Main responsibilities in this PhD project will be sample handling, laboratory techniques (DNA isolation and sequencing), bioinformatics and interpretation of results. Further assignments will be scientific writing and representing data on scientific meetings. The laboratory work will be performed in the laboratory at Ahus and the sequence data processing will take place at CRN once the data is produced.
The NGS-based sequencing method to be used for genotyping HPV types is already developed by the three-part collaboration and the analytical parameters are currently validated. The Illumina MiSeq (www.illumina.com) is a desktop sequencer available at the HPV Reference Laboratory, able to produce up to 50 million high quality sequences per run. Well-established HPV primer sets, PGMY09/11 and MGP, are used for genotyping HPV types. These primers amplify a conserved region of the L1 gene in HPV genome, allowing the detection of all relevant HPV infections and their genetic variants. (Gravitt et al., 2000; Söderlund-Strand et al. 2009) With this method all the high-risk HPV types can be studied for HPV genetic diversity. The primer sets have been coupled to a barcoding system allowing up to 1500 samples to be sequenced at a time making the analysis highly cost-effective.

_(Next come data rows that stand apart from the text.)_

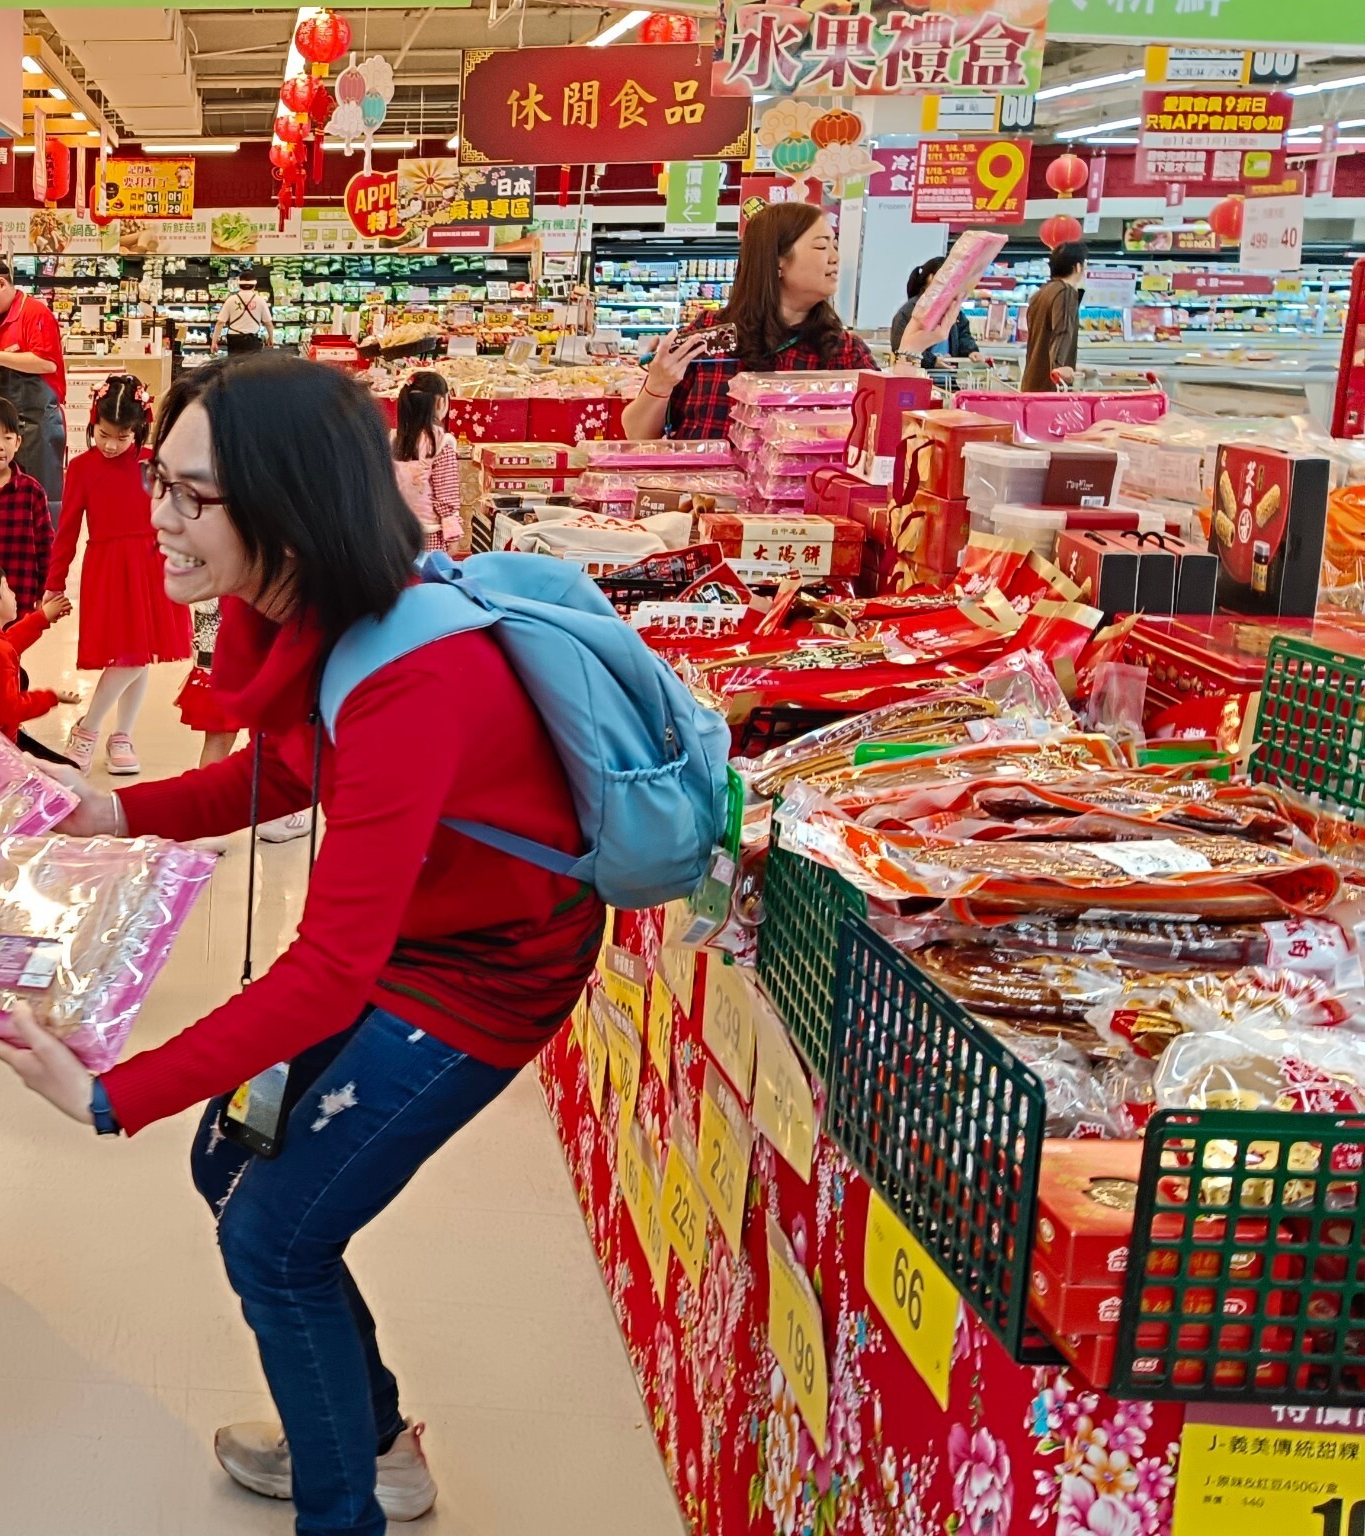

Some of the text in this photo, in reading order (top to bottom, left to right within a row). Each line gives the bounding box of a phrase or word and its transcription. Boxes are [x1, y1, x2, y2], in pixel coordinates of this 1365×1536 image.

[725, 12, 1035, 91] 水果禮盒
[506, 79, 706, 131] 休閒食品
[449, 198, 531, 220] 蘋果專區
[497, 178, 531, 197] 日本
[1280, 228, 1298, 247] 40
[714, 984, 742, 1052] 239
[711, 1138, 735, 1213] 225
[671, 1183, 697, 1252] 225
[892, 1248, 925, 1331] 66
[786, 1308, 815, 1394] 199

The other NGS method, also developed by the three collaborators, is used for HPV type 16 whole genome sequencing (WGS). This method allows investigation of genetic diversity in the whole HPV genome and determining integration sites in human genome. The HPV DNA is frequently integrated into the host genomes in cancers, which results in lifetime persistence of certain viral genes in the cell (zur Hausen 2002). This method is so far limited to investigating the HPV type 16 but can easily be extended to cover other HPV high-risk types.

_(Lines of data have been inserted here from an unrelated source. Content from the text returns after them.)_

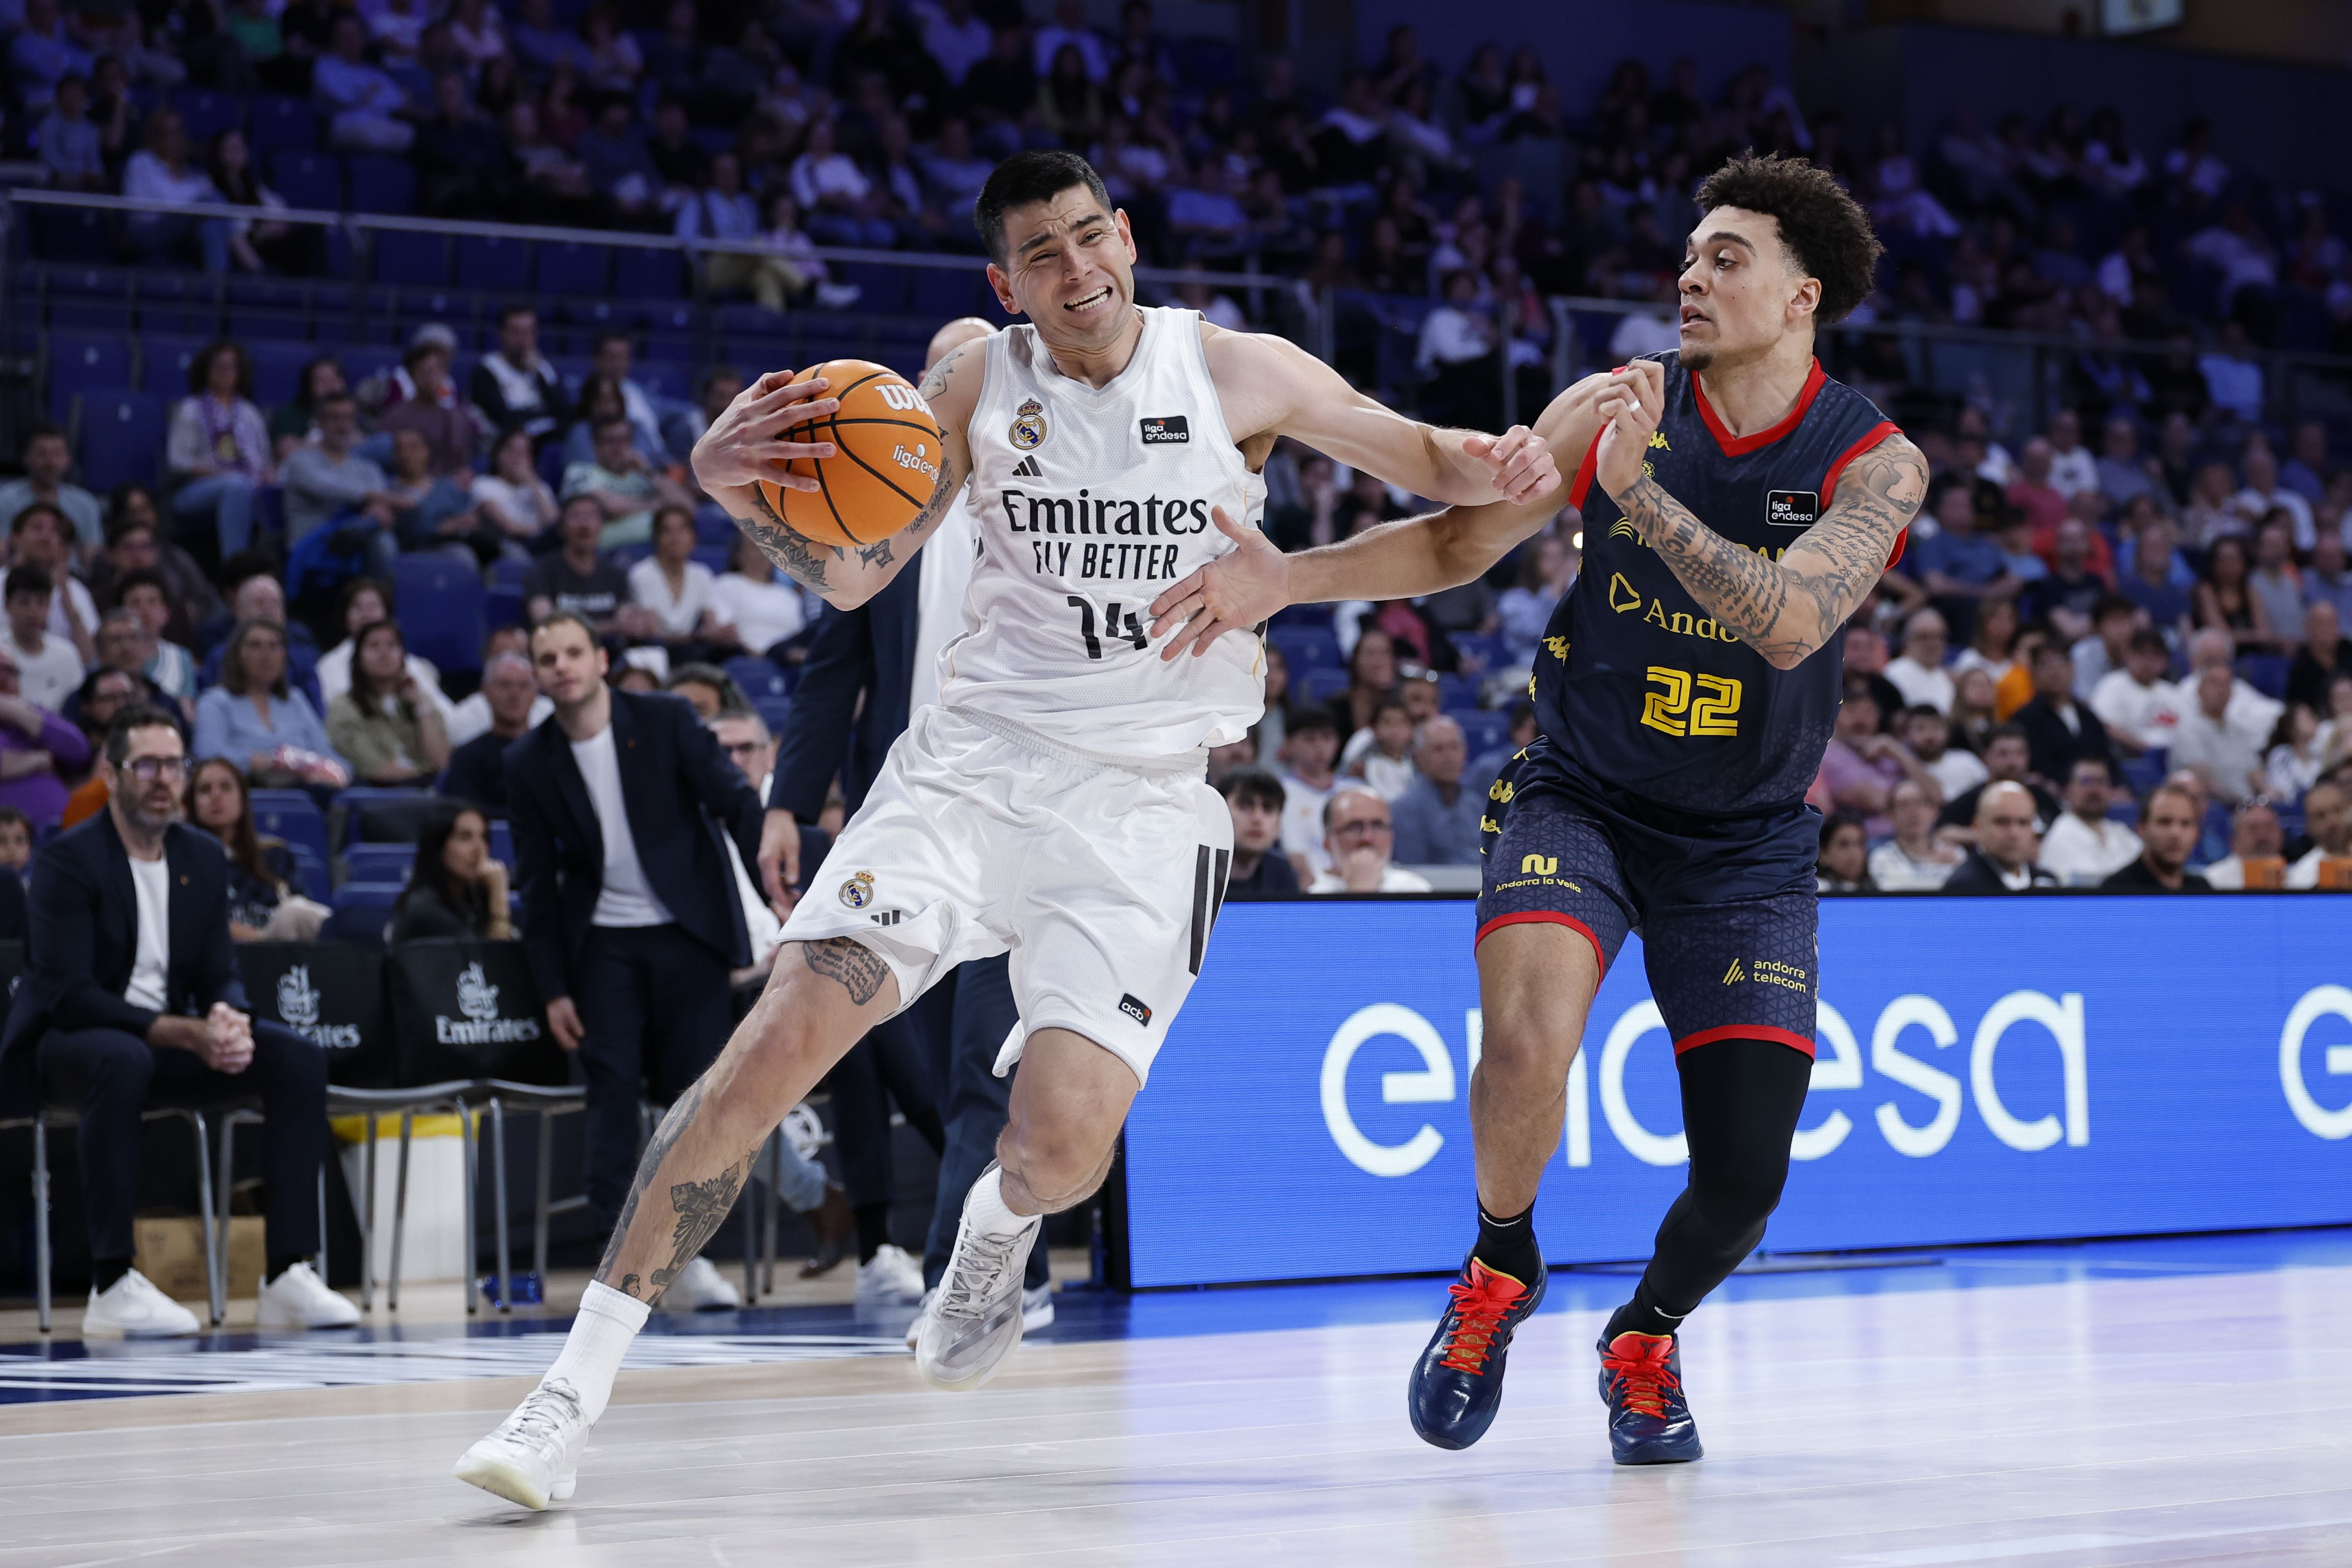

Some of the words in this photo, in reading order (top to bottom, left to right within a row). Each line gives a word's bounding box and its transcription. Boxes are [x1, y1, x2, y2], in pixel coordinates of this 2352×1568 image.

[874, 385, 936, 421] Wil
[1144, 424, 1164, 433] liga
[1146, 431, 1187, 440] endesa
[893, 444, 921, 470] liga
[1002, 488, 1208, 535] Emirates
[1771, 511, 1813, 521] endesa
[1772, 501, 1791, 512] liga
[1033, 541, 1072, 577] FLY
[1081, 543, 1179, 580] BETTER
[1067, 595, 1148, 659] 14
[1643, 598, 1740, 643] Ando
[1640, 666, 1742, 736] 22
[1495, 879, 1540, 893] Andorra
[1543, 876, 1554, 885] la
[1556, 878, 1581, 893] Vella
[1753, 971, 1806, 993] telecom
[1754, 960, 1805, 979] andorra
[436, 1014, 540, 1044] Emirates

Two fundamentally different analysis pipelines that produce HPV type and variant information from the sequence data are established at CRN. The preliminary analyses show that our HPV genotyping method offers high analytical sensitivity and type specificity.
Study design
Study 1
Study 1 is a prospective follow-up study of intra-patient HPV genetic variation. The material used in a previous publication (Tropé et al., 2012) will be analyzed in this study to compare twin samples collected at two time points. The collection of these samples in the HPV biobank at Ahus has previously received support from HSØ (Ref. no 2769112). Since both LBC and FFPE samples are collected at the second time point, HPV variability in these will also be compared.
Study 2
Study 2 is a case-control study of HPV genetic variance in HPV positive samples with lesions of different severity and cancers. A large collection of samples, using both liquid based cytology (LBC) and formalin fixed paraffin embedded (FFPE) tissue, with approval from the Regional Committee for Medical Research Ethics (REK), are available to the project (see Ethical considerations). A random selection of each category will be analyzed.
Statistical power
The following assumptions are made for the power calculation dependent on the sample size. The threshold for SNPs is set to minimum of 10 sequences and the estimation for coefficient of variation is cv=1. The type1 error α for this genome-wide screen is set to 0.001, thus adjusting for multiple testing and calculated the number of samples needed in order to achieve 80% power. 250 twin samples taken at two time points in Study 1 will suffice given that there is a 1.5-fold change in SNP number. Similarly, 370 high-grade lesions vs. 400 normal and 370 low-grade lesions in Study 2 will suffice given that the fold-change in the number of SNPs are >1.5.